Qual è, allora, la traiettoria più adeguata? E’ necessario rinunciare all’integrazione, 
per ottenere maggiori risultati? Bisogna relegare i bambini autistici in istituti 
 8
specializzati, o si può sperare di far coincidere le esigenze dei normo-dotati con quelle 
dei “diversamente abili”? 
Sintetizzando, credo che siano queste le domande a cui si debba trovare una risposta. 
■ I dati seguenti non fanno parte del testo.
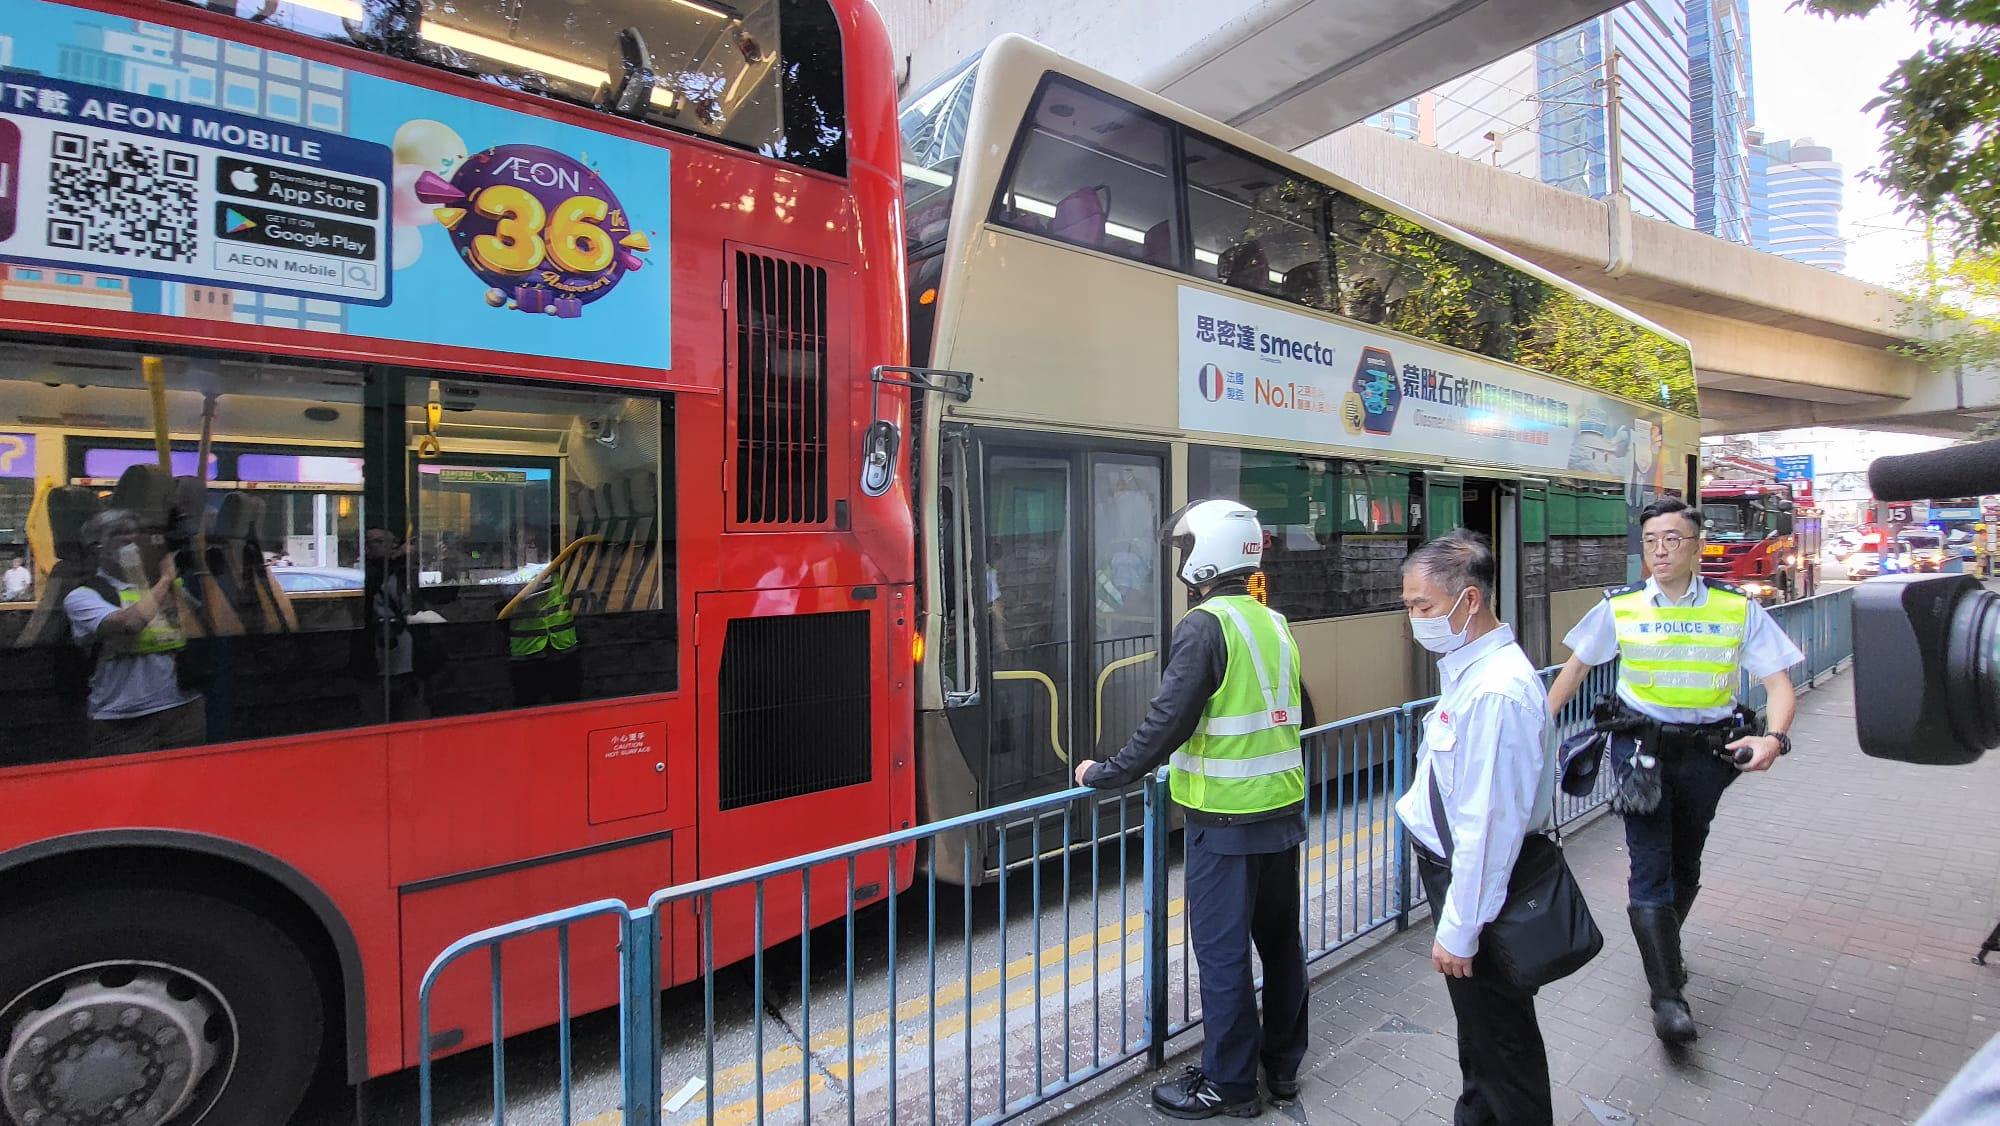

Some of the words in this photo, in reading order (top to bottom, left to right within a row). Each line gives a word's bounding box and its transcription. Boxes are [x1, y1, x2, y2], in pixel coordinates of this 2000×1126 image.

[0, 82, 71, 116] 下載
[79, 98, 181, 134] AEON
[192, 118, 321, 161] MOBILE
[268, 182, 311, 204] App
[314, 191, 367, 212] Store
[269, 171, 328, 190] Download
[329, 183, 344, 192] on
[347, 184, 366, 196] the
[265, 214, 285, 225] GET
[287, 217, 296, 226] IT
[299, 219, 315, 229] ON
[471, 184, 614, 275] 36
[265, 225, 329, 248] Google
[332, 235, 367, 255] Play
[228, 253, 279, 269] AEON
[284, 261, 337, 278] Mobile
[1196, 315, 1256, 352] 思密達
[1260, 333, 1333, 367] smecta
[1255, 376, 1296, 409] No.1
[1655, 622, 1703, 634] POLICE
[620, 746, 651, 755] SURFACE
Riuscire a conciliare il momento didattico e quello sociale è ciò che permetterà di 
ottenere maggiori risultati, nel rispetto dell’individualità e della collettività. 
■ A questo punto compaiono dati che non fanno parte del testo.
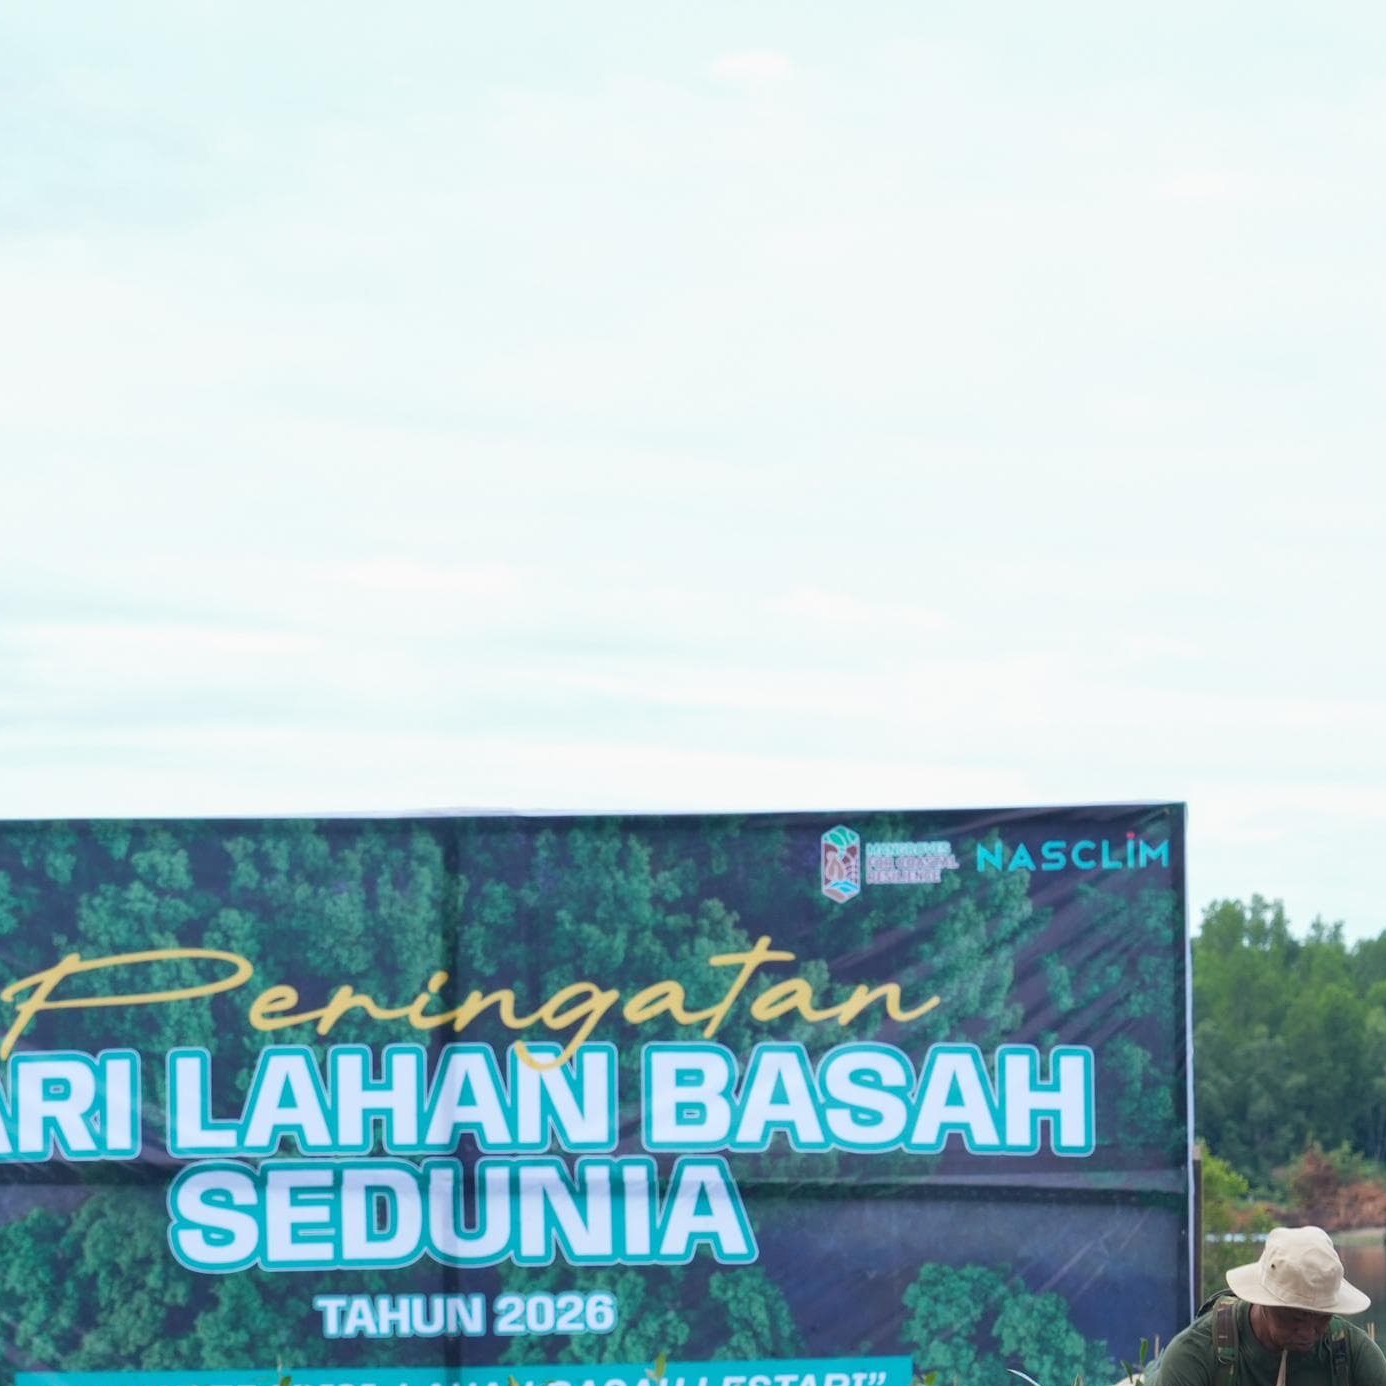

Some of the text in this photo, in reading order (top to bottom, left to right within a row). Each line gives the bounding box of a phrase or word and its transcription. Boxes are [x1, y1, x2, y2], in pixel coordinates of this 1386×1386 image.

Ciò che maggiormente mi ha colpito, in questi mesi trascorsi all’interno dell’ambito 
scolastico, è la difficoltà con cui le famiglie degli alunni hanno accettato la presenza di 
un bambino “particolare”: l’ansia nasceva dall’impossibilità di controllare attivamente e 
personalmente la situazione, con la credenza che i figli fossero sottoposti ad un 
costante stato di tensione dovuta proprio alla presenza di quel compagno. Troppo 
impegnati a discutere di cose che loro stessi erano consapevoli di non conoscere, non 
si rendevano conto che i loro figli avevano sviluppato da subito un profondo 
attaccamento, ed un intenso senso di protezione, nei confronti di quel bambino da loro 
tanto temuto.  
Il problema dell’integrazione è assolutamente attuale; la legislazione e gli organi 
deputati all’organizzazione della scuola italiana devono riuscire a risolvere 
positivamente tutte le questioni che ruotano intorno a tale argomento, contribuendo a 
migliorare la qualità degli insegnamenti e a promuovere la partecipazione attiva dei 
genitori. I problemi che si riscontrano nell’ambito dell’inserimento scolastico dei 
bambini disabili sono riconducibili ad una serie di credenze radicate sia nella mentalità  
dei docenti che in quella dei genitori; proprio per tali ragioni uno dei fattori che 
dovrebbero essere presi in considerazione dalle istituzioni è il fatto che si debbano 
attuare dei sostanziosi programmi di informazione in grado di coinvolgere entrambe le 
parti interessate: insegnanti e famiglie devono riuscire a costruire un modello di 
pensiero e di comportamento nuovo, lontano dalla tradizione e dalle credenze che fino 
ad oggi sono state sostenute. Solo in questo modo sarà possibile trasferire sui figli e 
sugli alunni, che partecipano alla vita scolastica congiuntamente, un tipo di pensiero più 
 9
sensibile alla diversità e un atteggiamento di tolleranza e di disponibilità più utile 
anche nella vita quotidiana.  
L’impianto stesso del sistema scolastico dovrebbe essere rinnovato proprio in funzione 
dei continui passi avanti fatti dalla ricerca pedagogica e psicologica. Alcuni tentativi si 
sono rivelati opportuni, ma devo purtroppo ammettere che all’interno di ogni singola 
realtà scolastica la problematica dell’integrazione assume connotati così differenti 
che sembra impossibile fare una generalizzazione, come invece risulta se si leggono i 
programmi educativi. L’attività didattica e quella comportamentale devono essere 
promosse in ugual misura partendo dalla particolare situazione che caratterizza ogni 
ambito e ritengo che ciò possa essere reso possibile solo attraverso una dettagliata 
analisi delle diverse realtà. 
Proprio l’attenzione ad una formazione individuale dei singoli alunni a livello di 
tolleranza e partecipazione sociale ha permesso l’introduzione di nuovi parametri  che 
vengono considerati ugualmente importanti nella compilazione dei profili relativi al 
conseguimento degli obiettivi scolastici. Non a caso, nelle schede di valutazione è 
stata inserita una voce fondamentale: la Convivenza Civile. 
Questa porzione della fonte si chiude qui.